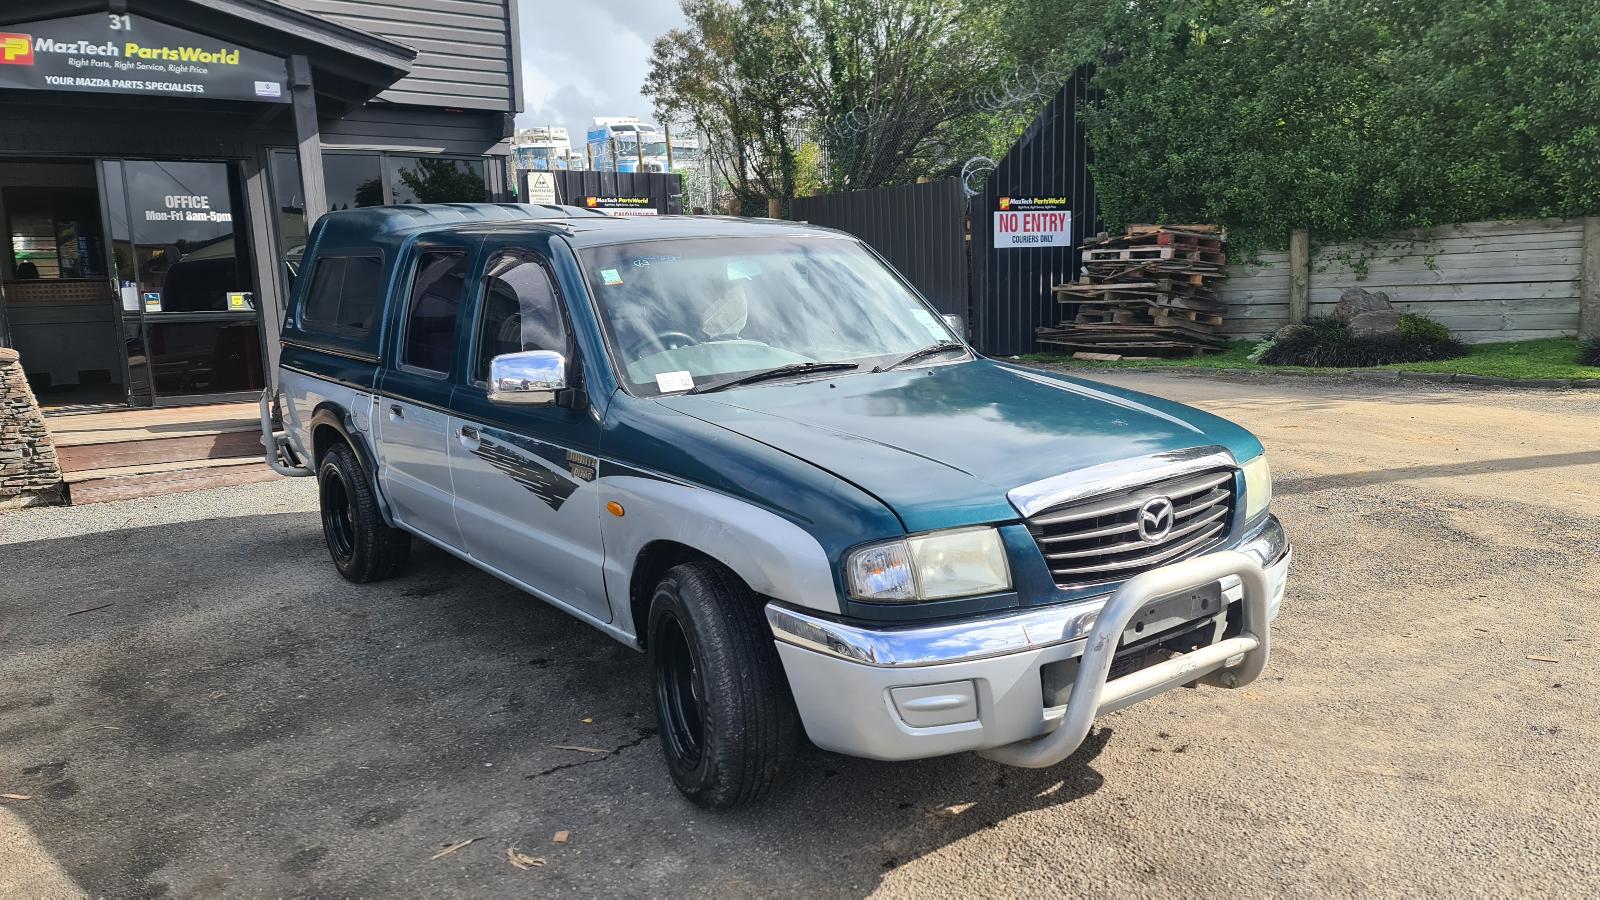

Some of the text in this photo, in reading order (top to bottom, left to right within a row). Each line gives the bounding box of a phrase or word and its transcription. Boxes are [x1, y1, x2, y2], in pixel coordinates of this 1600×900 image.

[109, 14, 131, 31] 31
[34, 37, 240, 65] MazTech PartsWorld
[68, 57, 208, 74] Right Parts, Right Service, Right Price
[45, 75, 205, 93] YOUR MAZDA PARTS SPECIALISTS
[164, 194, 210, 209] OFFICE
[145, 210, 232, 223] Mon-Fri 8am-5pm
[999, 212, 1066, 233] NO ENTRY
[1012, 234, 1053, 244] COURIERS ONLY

■ Brief
For this exercise, print all of the entries exactly as they appear, but without pictures.

■ Your solution
Some of the text in this photo, in reading order (top to bottom, left to right within a row). Each line gives the bounding box of a phrase or word and its transcription. Boxes are [x1, y1, x2, y2], in pixel coordinates of this 1600×900 image.

[109, 14, 131, 31] 31
[34, 37, 240, 65] MazTech PartsWorld
[68, 57, 208, 74] Right Parts, Right Service, Right Price
[45, 75, 205, 93] YOUR MAZDA PARTS SPECIALISTS
[164, 194, 210, 209] OFFICE
[145, 210, 232, 223] Mon-Fri 8am-5pm
[999, 212, 1066, 233] NO ENTRY
[1012, 234, 1053, 244] COURIERS ONLY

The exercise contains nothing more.